→ **Source records**:
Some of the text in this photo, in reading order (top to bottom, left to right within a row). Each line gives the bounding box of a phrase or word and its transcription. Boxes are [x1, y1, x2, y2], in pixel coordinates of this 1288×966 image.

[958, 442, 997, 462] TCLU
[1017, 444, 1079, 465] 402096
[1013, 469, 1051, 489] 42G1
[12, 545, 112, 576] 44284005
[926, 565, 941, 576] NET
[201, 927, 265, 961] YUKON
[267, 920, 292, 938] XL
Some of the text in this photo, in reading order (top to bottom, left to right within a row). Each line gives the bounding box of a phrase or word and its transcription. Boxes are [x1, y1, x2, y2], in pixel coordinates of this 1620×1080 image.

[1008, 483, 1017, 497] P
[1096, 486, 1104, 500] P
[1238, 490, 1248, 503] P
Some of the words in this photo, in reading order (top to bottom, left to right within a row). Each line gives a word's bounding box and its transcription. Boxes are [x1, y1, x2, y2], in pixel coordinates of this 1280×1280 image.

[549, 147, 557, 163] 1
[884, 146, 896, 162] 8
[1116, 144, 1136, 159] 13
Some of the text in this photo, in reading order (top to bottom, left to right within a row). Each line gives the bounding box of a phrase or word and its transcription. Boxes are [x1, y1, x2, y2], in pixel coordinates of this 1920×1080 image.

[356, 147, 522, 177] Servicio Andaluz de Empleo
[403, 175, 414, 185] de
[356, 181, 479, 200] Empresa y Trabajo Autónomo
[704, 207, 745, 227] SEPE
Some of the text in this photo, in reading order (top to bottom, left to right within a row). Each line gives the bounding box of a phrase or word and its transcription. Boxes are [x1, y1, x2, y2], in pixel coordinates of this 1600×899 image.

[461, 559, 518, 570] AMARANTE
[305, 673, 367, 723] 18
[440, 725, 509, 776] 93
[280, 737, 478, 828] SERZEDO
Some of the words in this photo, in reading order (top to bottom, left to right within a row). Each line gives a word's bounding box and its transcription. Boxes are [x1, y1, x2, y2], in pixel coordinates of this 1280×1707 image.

→ **To do**:
The listing above is to be copied exactly, in full.

→ **The completed task**:
Some of the text in this photo, in reading order (top to bottom, left to right within a row). Each line gives the bounding box of a phrase or word and its transcription. Boxes are [x1, y1, x2, y2], in pixel coordinates of this 1288×966 image.

[958, 442, 997, 462] TCLU
[1017, 444, 1079, 465] 402096
[1013, 469, 1051, 489] 42G1
[12, 545, 112, 576] 44284005
[926, 565, 941, 576] NET
[201, 927, 265, 961] YUKON
[267, 920, 292, 938] XL
Some of the text in this photo, in reading order (top to bottom, left to right within a row). Each line gives the bounding box of a phrase or word and its transcription. Boxes are [x1, y1, x2, y2], in pixel coordinates of this 1620×1080 image.

[1008, 483, 1017, 497] P
[1096, 486, 1104, 500] P
[1238, 490, 1248, 503] P
Some of the words in this photo, in reading order (top to bottom, left to right within a row). Each line gives a word's bounding box and its transcription. Boxes are [x1, y1, x2, y2], in pixel coordinates of this 1280×1280 image.

[549, 147, 557, 163] 1
[884, 146, 896, 162] 8
[1116, 144, 1136, 159] 13
Some of the text in this photo, in reading order (top to bottom, left to right within a row). Each line gives the bounding box of a phrase or word and its transcription. Boxes are [x1, y1, x2, y2], in pixel coordinates of this 1920×1080 image.

[356, 147, 522, 177] Servicio Andaluz de Empleo
[403, 175, 414, 185] de
[356, 181, 479, 200] Empresa y Trabajo Autónomo
[704, 207, 745, 227] SEPE
Some of the text in this photo, in reading order (top to bottom, left to right within a row). Each line gives the bounding box of a phrase or word and its transcription. Boxes are [x1, y1, x2, y2], in pixel coordinates of this 1600×899 image.

[461, 559, 518, 570] AMARANTE
[305, 673, 367, 723] 18
[440, 725, 509, 776] 93
[280, 737, 478, 828] SERZEDO
Some of the words in this photo, in reading order (top to bottom, left to right within a row). Each line gives a word's bounding box and its transcription. Boxes are [x1, y1, x2, y2], in pixel coordinates of this 1280×1707 image.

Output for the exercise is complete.